SHAFAQNA (International Shia News Association)- Premier Kathleen Wynne has brews you can use — beer will not be sold in corner stores when reforms come this spring.
“There are changes coming. It’s not whether there will be change, it’s just a matter of what that change will be — so stay tuned,” Wynne told reporters Monday during a campaign-style swing through the Thorncliffe Park pregnancy clinic in her Don Valley West riding.
“We’re not going to have beer in convenience stores. There is change coming however,” she said.
It’s unclear whether that means beer could be sold in supermarkets, such as Loblaws, or big-box retailers like Costco.

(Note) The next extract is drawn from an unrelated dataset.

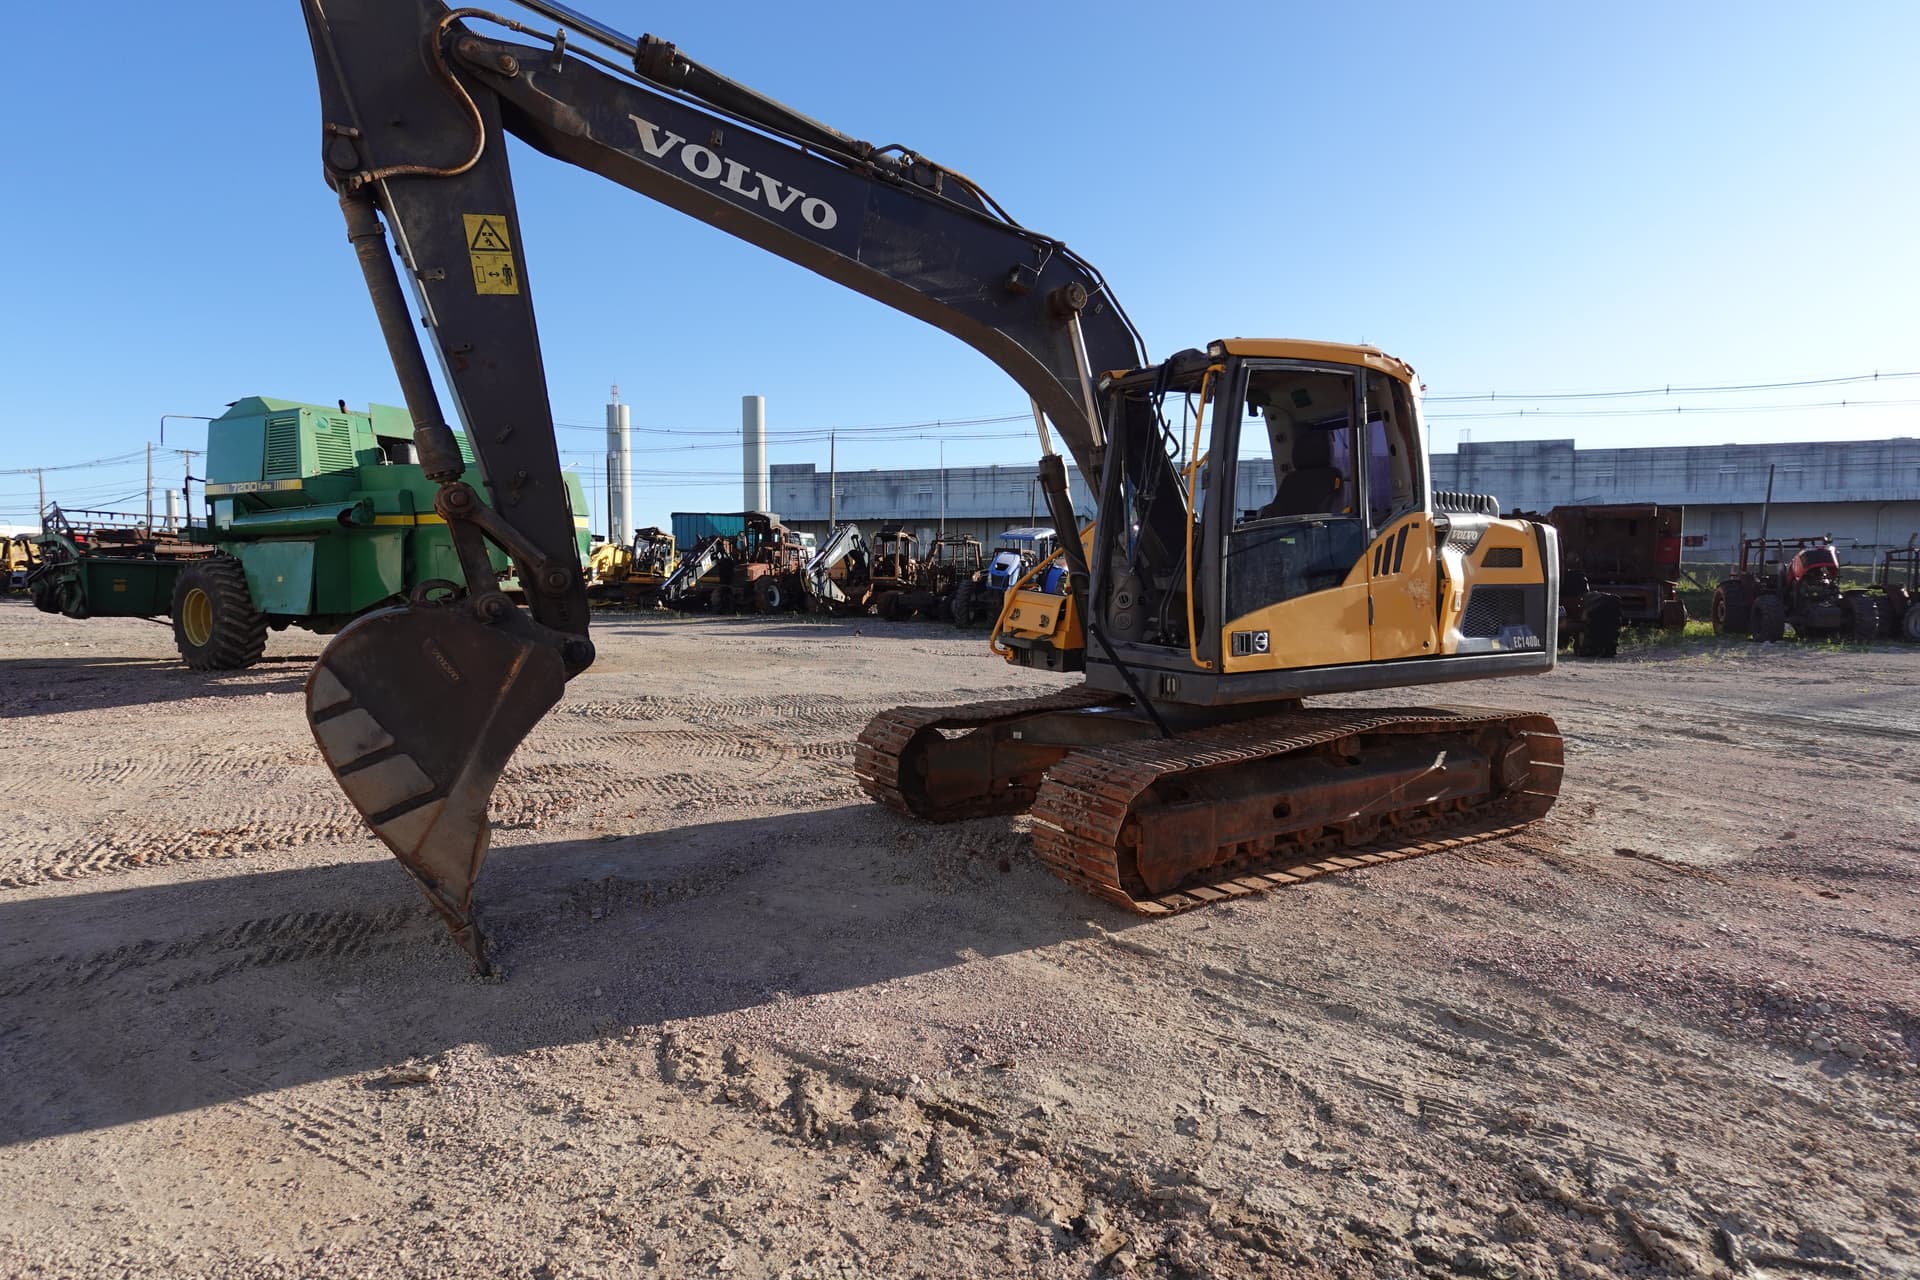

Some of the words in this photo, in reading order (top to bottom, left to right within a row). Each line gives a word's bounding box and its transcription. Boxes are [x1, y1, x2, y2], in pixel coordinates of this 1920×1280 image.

[628, 113, 838, 230] VOLVO
[231, 482, 257, 493] 7200
[1451, 530, 1478, 540] VOLVO

“We now have Ed Clark and his commissioners that are looking at the distribution system in the province. They’re looking at the LCBO and as a result of that looking at theBeer Store,” the premier said without elaborating.
When Finance Minister Charles Sousa tables his budget in March, the government will announce a revamp of its relationship with the Beer Store, which is owned by the offshore parent companies of Labatt, Molson, and Sleeman.
Wynne said she wants greater access to consumers for the scores of Ontario-owned craft brewers in the province.
Currently, AB InBev, Belgian parent of Labatt, and U.S.-based MolsonCoors each own 46 per cent of the Beer Store while Japan’s Sapporo, owner of Sleeman, has 8 per cent.
The Beer Store has offered to sell shares to small domestic beer-makers brewers for as little as $100 apiece, but the Ontario Craft Brewers, which represents 50 of them, has officially panned the offer.
Clark, the former TD Bank chair, has told Labatt, Molson, and Sleeman in high-level meetings that the government expects them to fork over some kind of “franchise fee” without raising prices for drinkers.
“Their position is that they can’t afford to absorb a tax,” the Bay Street titan said in November when his panel released a 77-page interim report, entitled “Retain & Gain: Making Ontario’s Assets Work Better for Taxpayers and Consumers.”
“If we do decide to charge a franchise fee of some sort (and they say) they don’t have any room, they’re just right up against the wall here and they don’t have a dollar to give . . . we’re saying, ‘Well, then that means you’re really saying is that this franchise that you have is worthless. Would you then give it up?’” said Clark.
“And then they say they don’t want to, but they don’t want to pay for it. We don’t think that’s a reasonable position. If you really think this thing is valueless, then give it up and we’ll auction it off and see if people would pay something for it.”